Romney pollster Neil Newhouse says the number of undecided voters is often larger in a presidential election without an incumbent, as in 2008. He said the burden is on Romney to win them over.

"Voters have made up their minds about Barack Obama," he said. "They are undecided about Mitt Romney."

Polls show that Republicans are more enthusiastic about the election than Democrats. Much of the GOP energy comes from a desire to defeat Obama, and some Democrats believe Obama needs to find a way to match that determination.

"One of the challenges is that the Republican base seems more motivated that the Democratic base. That's a big challenge for the president," said Doug Hattaway, a Democratic strategist who was a senior adviser to Hillary Rodham Clinton's presidential campaign in 2008.

At Romney's Boston headquarters, Ryan is seen as a running mate able to energize conservatives who may have doubted Romney's ideological passion, to articulate a fiscal message that resonates with undecided voters and to bring intangible attributes, such as making Romney himself a better candidate.

"They may be playing to their base, but this election is about persuading the middle class, working class Americans," said Obama pollster Joel Benenson.

The Obama camp has promoted Ryan's status as a leading light of the Republican Party to better link Romney to House budget proposals that Ryan wrote and that Obama has been criticizing for two years.

"We think this is a choice that we've been talking about all along," Benenson said.

Obama has begun to hit Romney hard on Medicare, tying his rival to Ryan's budget proposal to overhaul the health care plan for older people. The issue is particularly important in competitive states such as Florida, Iowa and Pennsylvania that have large elderly populations.

Seeking to drive older voters away from Romney, Obama has seized on Ryan's plan to shift future retirees into a system dominated by private insurance plans.

"The truth is, I think they know it's not a very popular idea," the president said Saturday while campaigning in New Hampshire. "You can tell that, given the fact that both of them have proposed to voucherize the Medicare system. I guess they figure the best defense is to try to go on offense."

But Romney and Ryan anticipated the Obama reaction and went after Obama's health care overhaul, which includes reductions in Medicare spending of $700 billion over 10 years. While those cuts come from health providers, not from benefits to seniors, Romney and Ryan are still portraying them as harmful to seniors.

The Romney team also says the timing of the Medicare debate benefits them.

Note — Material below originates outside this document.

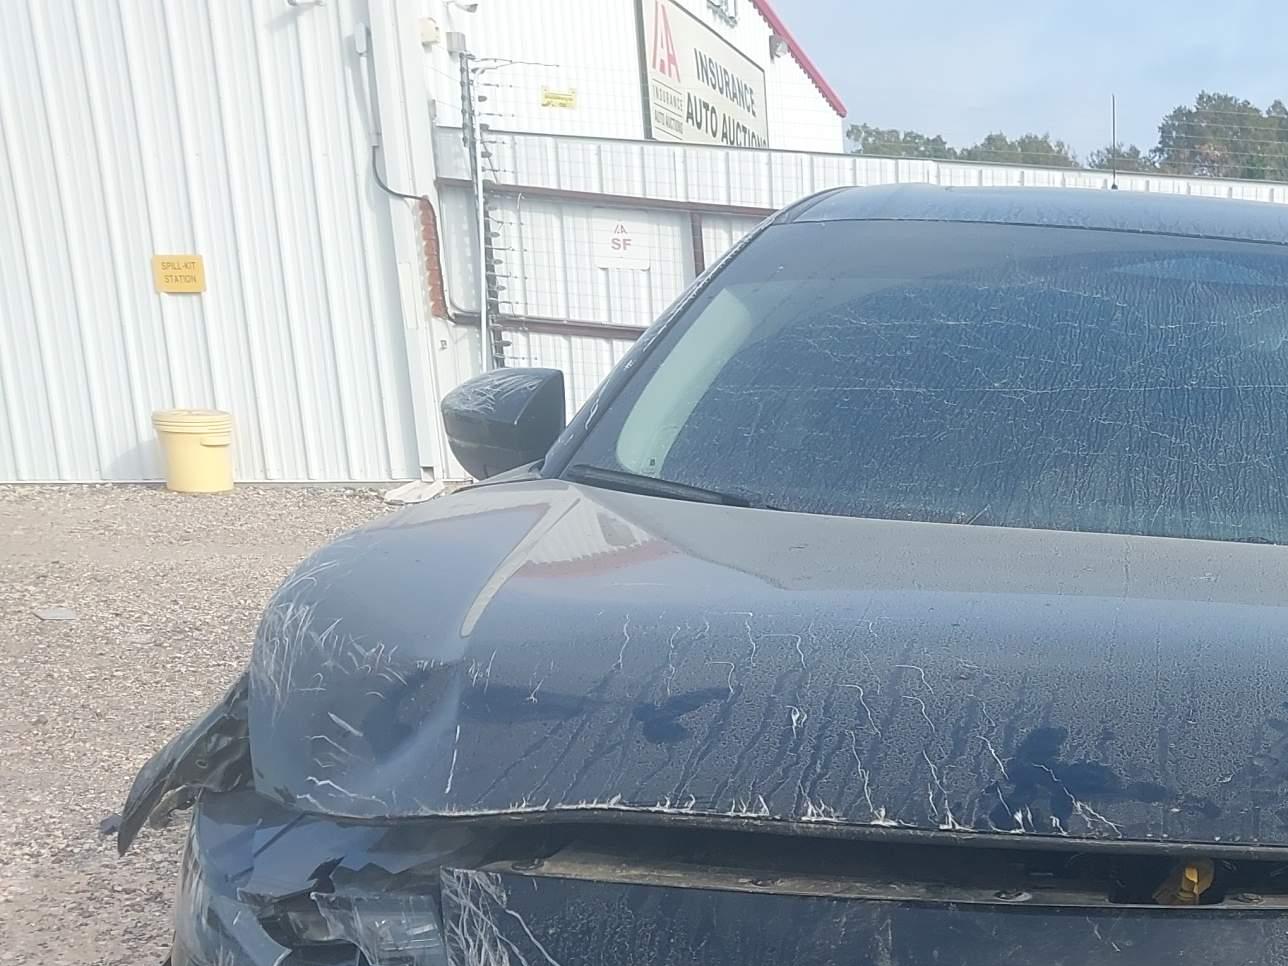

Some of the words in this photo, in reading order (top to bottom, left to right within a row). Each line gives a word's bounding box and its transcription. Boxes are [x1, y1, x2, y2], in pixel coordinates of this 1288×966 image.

[693, 47, 757, 118] INSURANCE
[685, 91, 718, 139] AUTO
[611, 237, 632, 251] SF
[163, 274, 197, 284] STATION

"It's actually fortunate for us that it's being litigated in August as opposed to October," Newhouse said. "If it comes up again in October, it's not going to be new information."

The Romney campaign says calls for smaller government resonate with independent votes, particularly undecided suburban women. The GOP used the issue in 2010 when it regained control of the House. Indeed, shifting views among independents on the role of government were a big difference between the 2008 and 2010 electorates, according to exit polls.

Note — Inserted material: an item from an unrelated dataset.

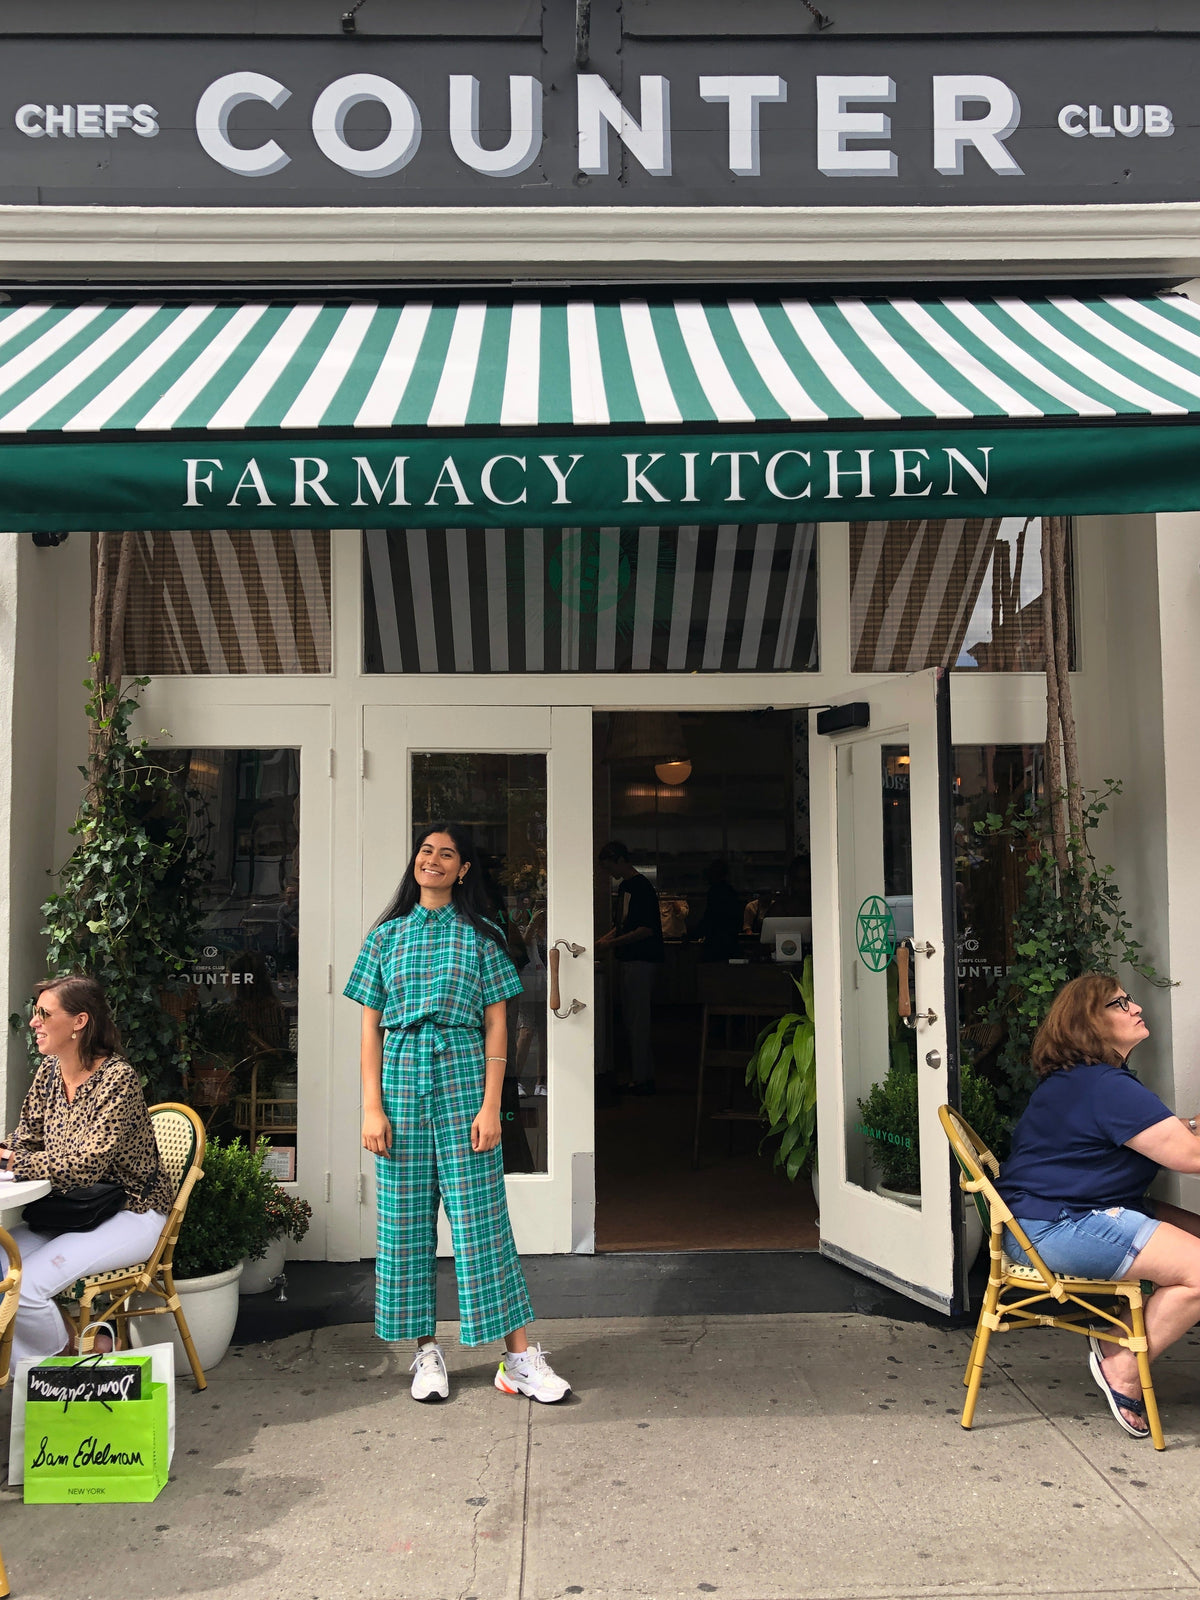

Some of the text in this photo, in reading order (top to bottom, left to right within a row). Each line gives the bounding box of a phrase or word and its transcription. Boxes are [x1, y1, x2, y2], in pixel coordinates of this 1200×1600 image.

[15, 70, 1175, 178] CHEFS COUNTER CLUB
[182, 446, 995, 507] FARMACY KITCHEN
[957, 966, 1012, 978] UNTE
[31, 1435, 144, 1469] Sam Edelman

In 2008, 43 percent of independents said government should do more to solve problems, while 49 percent said government is "doing too many things better left to businesses and individuals." In 2010, that split was 28 percent do more to 65 percent saying government is overreaching.

But some Republican strategists warn that a debate over government spending has risks. They say undecided voters are all for fiscal discipline if it's linked to economic growth, but they recoil if they perceive spending cuts as austerity measures that would affect them.

"The fiscal battle injected into the national discourse is really going to hinge on who can sell growth and who is selling austerity," said Republican pollster Wes Anderson, who is polling in several congressional districts in states that are competitive in the presidential contest.


AP Deputy Director of Polling Jennifer Agiesta and Associated Press writer Ricardo Alonso-Zaldivar contributed to this report.